• Provided information
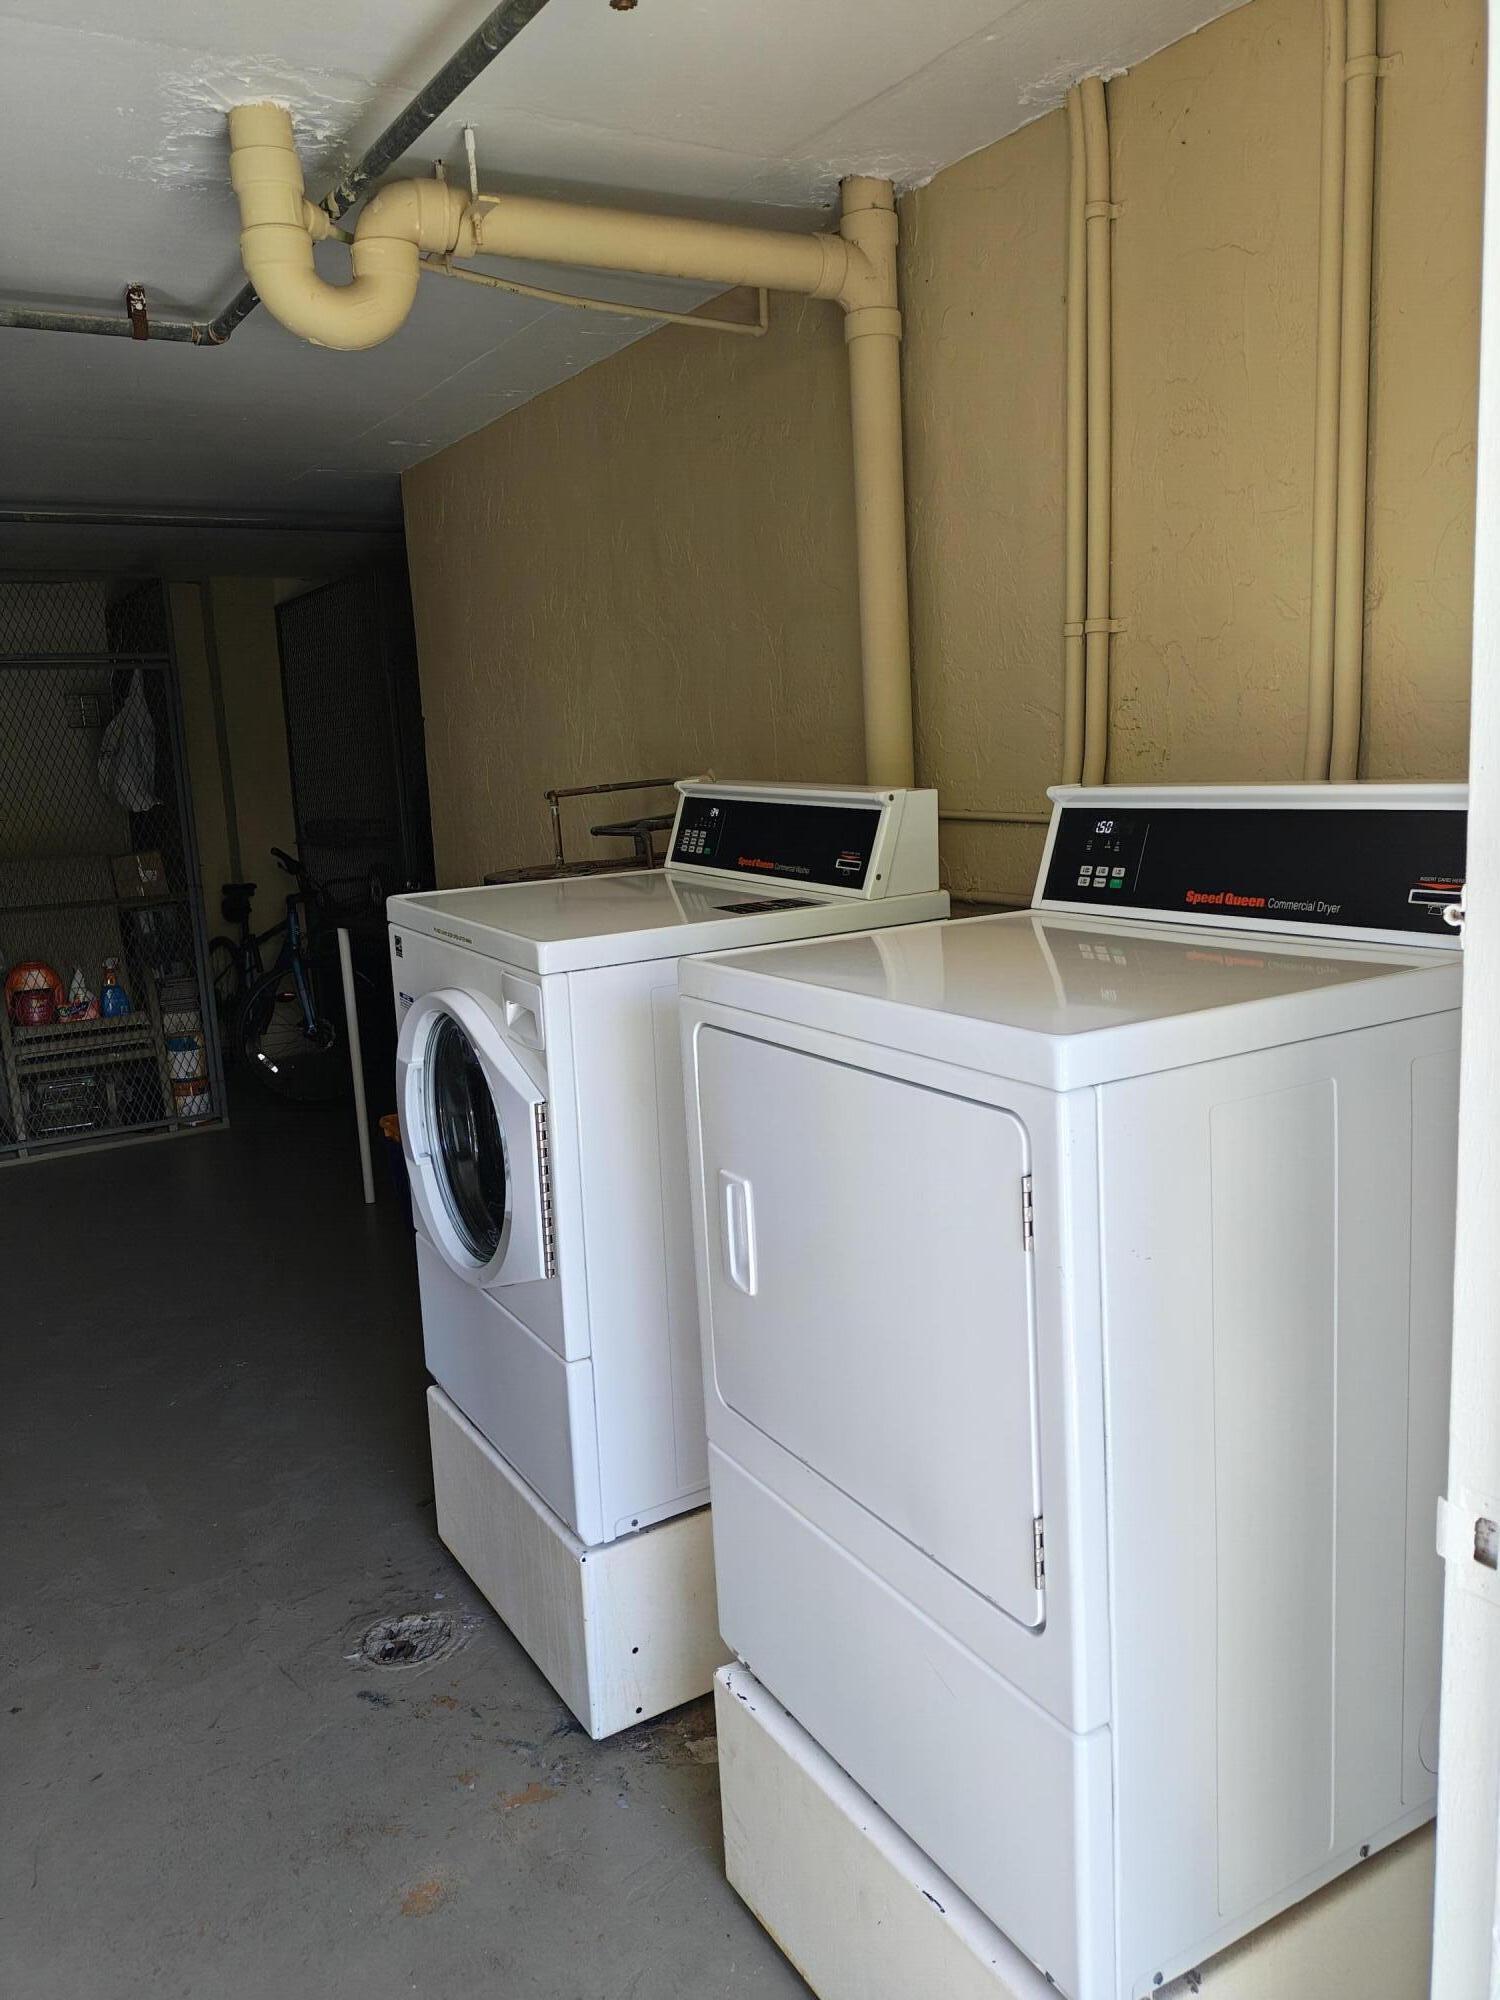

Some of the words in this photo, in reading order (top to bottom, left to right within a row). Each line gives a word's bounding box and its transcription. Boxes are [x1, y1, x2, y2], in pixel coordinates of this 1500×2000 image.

[1186, 890, 1224, 905] Speed
[1224, 893, 1265, 908] Queen
[1267, 898, 1316, 912] Commercial
[1317, 901, 1342, 916] Dryer

• Exercise objective
Could you output every record above exactly as it appears, without the pictures?

• Solution for this task
Some of the words in this photo, in reading order (top to bottom, left to right within a row). Each line gives a word's bounding box and its transcription. Boxes are [x1, y1, x2, y2], in pixel coordinates of this 1500×2000 image.

[1186, 890, 1224, 905] Speed
[1224, 893, 1265, 908] Queen
[1267, 898, 1316, 912] Commercial
[1317, 901, 1342, 916] Dryer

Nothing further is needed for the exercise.